SOURCE DATA>
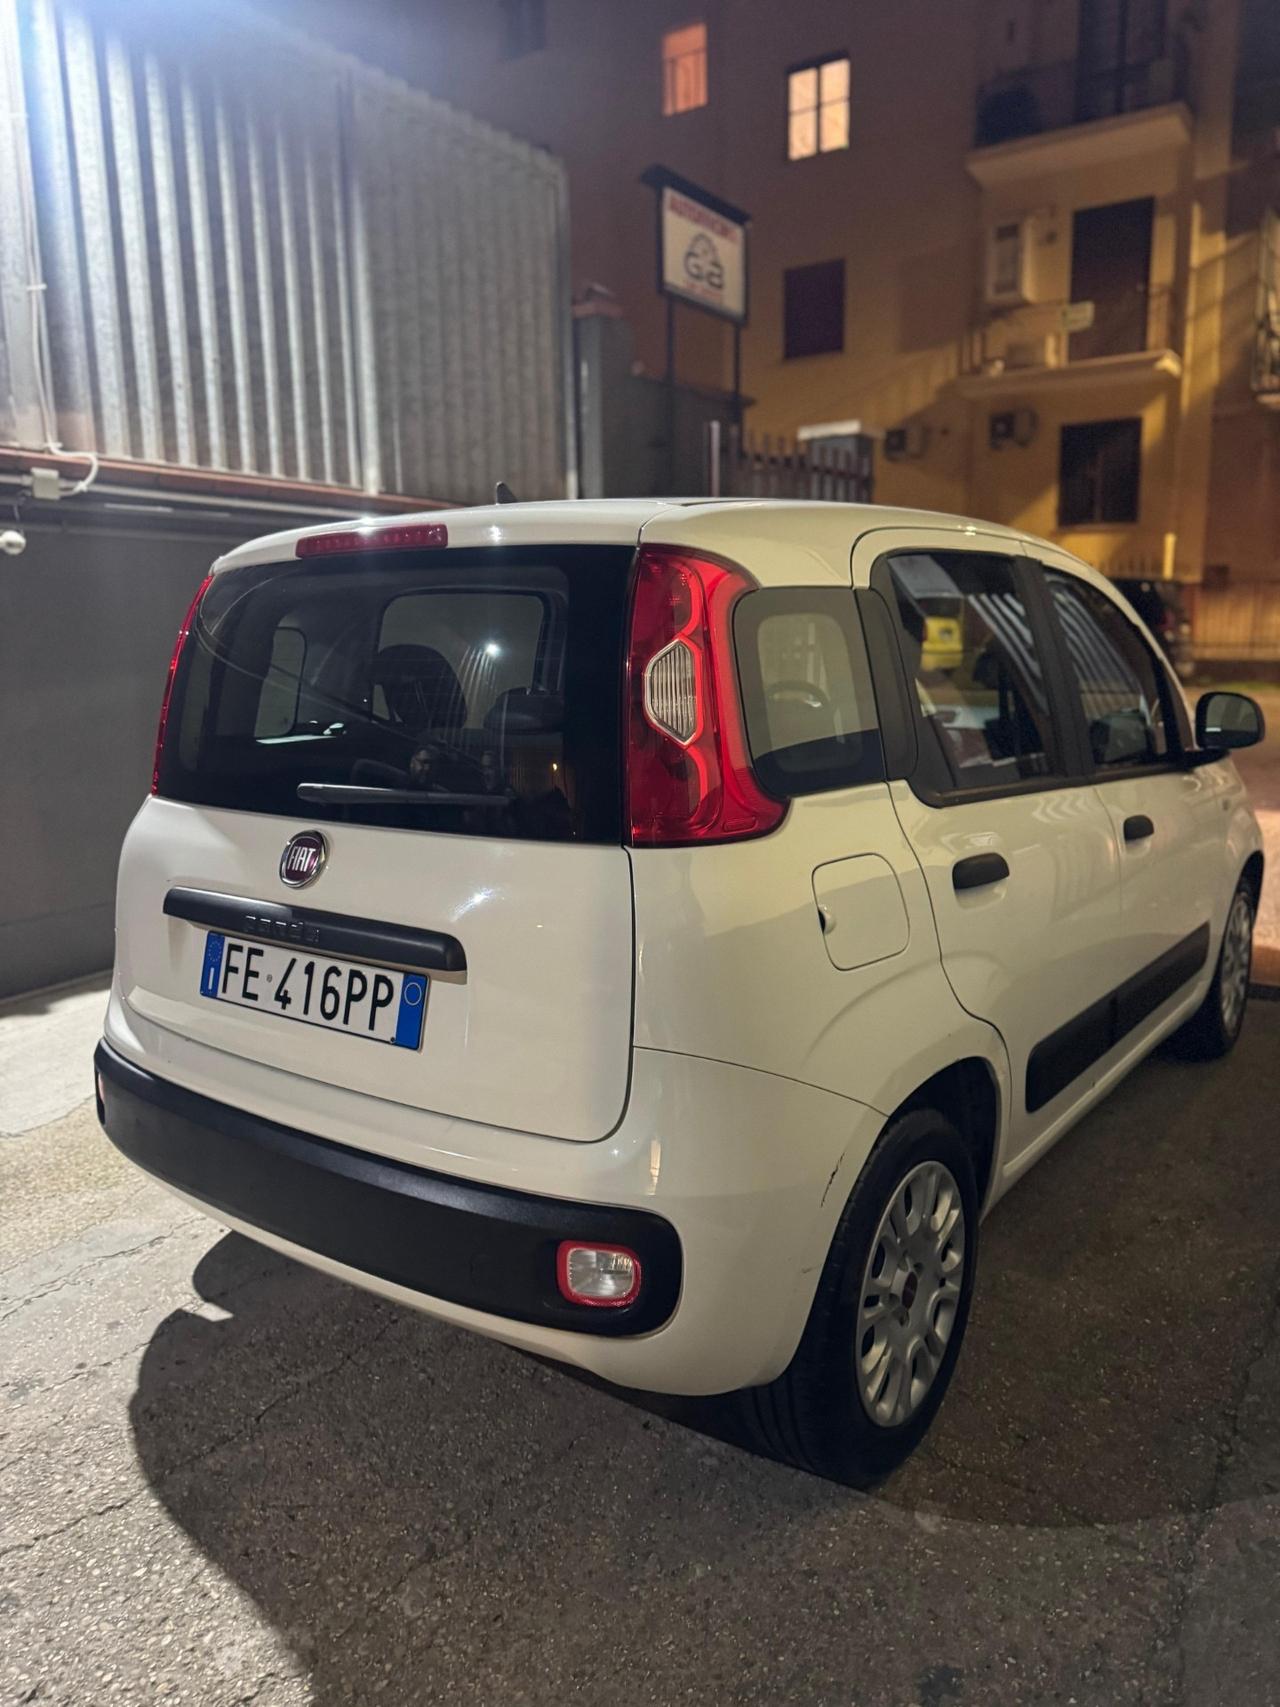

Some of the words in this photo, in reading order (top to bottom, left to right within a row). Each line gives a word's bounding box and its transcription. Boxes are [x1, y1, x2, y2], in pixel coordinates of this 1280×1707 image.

[287, 846, 316, 872] FIAT
[221, 943, 264, 1002] FE
[274, 957, 394, 1031] 416PP
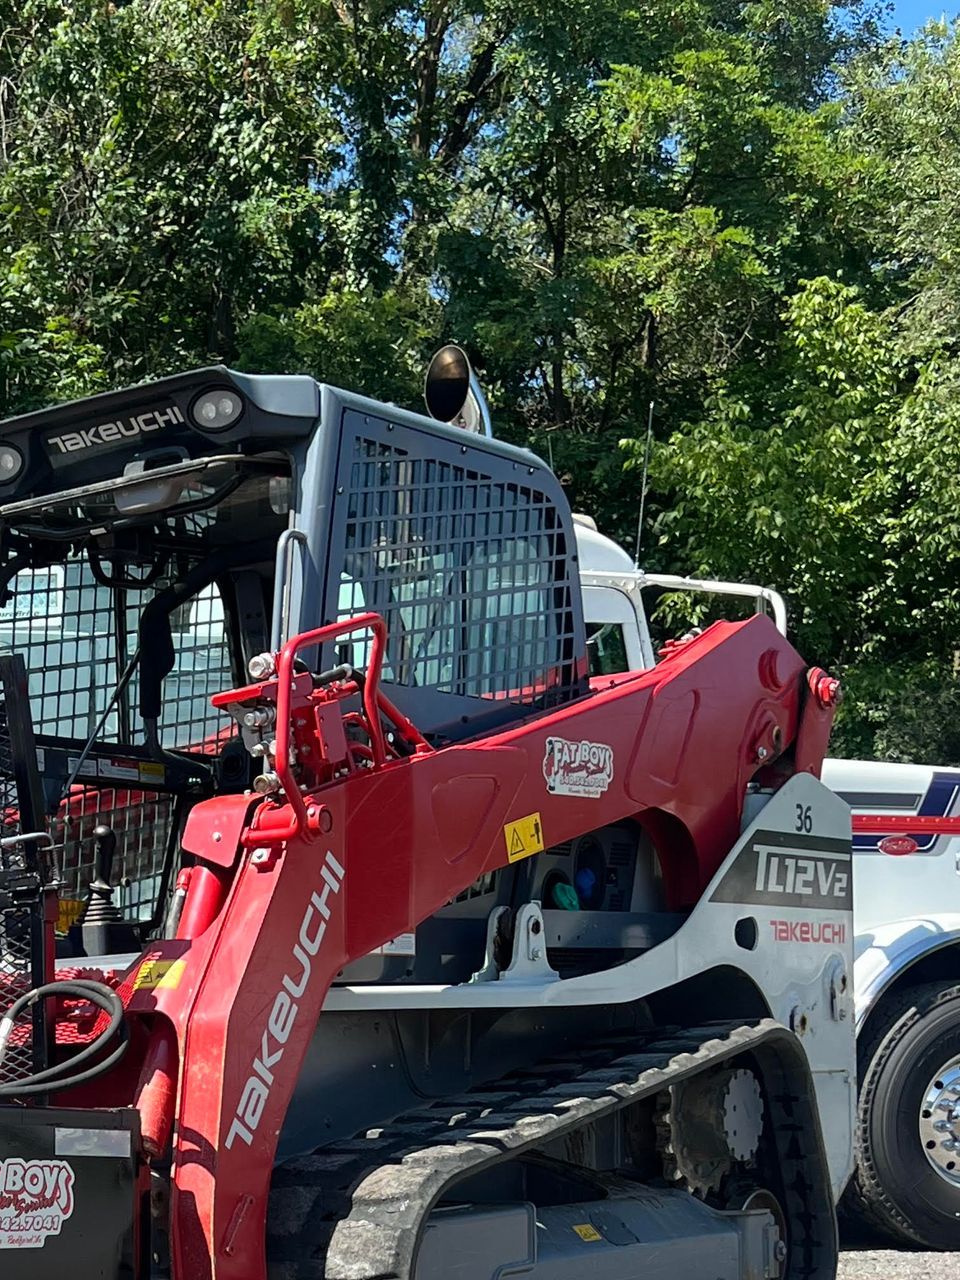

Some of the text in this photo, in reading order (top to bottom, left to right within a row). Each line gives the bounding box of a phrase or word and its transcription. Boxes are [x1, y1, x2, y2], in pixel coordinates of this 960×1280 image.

[553, 741, 581, 775] FAT
[580, 743, 612, 779] BOYS
[795, 803, 813, 833] 36
[752, 844, 851, 897] TL12V2
[4, 1163, 72, 1216] BOYS

EXERCISE INSTRUCTIONS> Copy exactly the lines that run from the one with "Some of the text" to the last line of the material, including both.

WRITTEN RESPONSE>
Some of the text in this photo, in reading order (top to bottom, left to right within a row). Each line gives the bounding box of a phrase or word and its transcription. Boxes are [x1, y1, x2, y2], in pixel coordinates of this 960×1280 image.

[553, 741, 581, 775] FAT
[580, 743, 612, 779] BOYS
[795, 803, 813, 833] 36
[752, 844, 851, 897] TL12V2
[4, 1163, 72, 1216] BOYS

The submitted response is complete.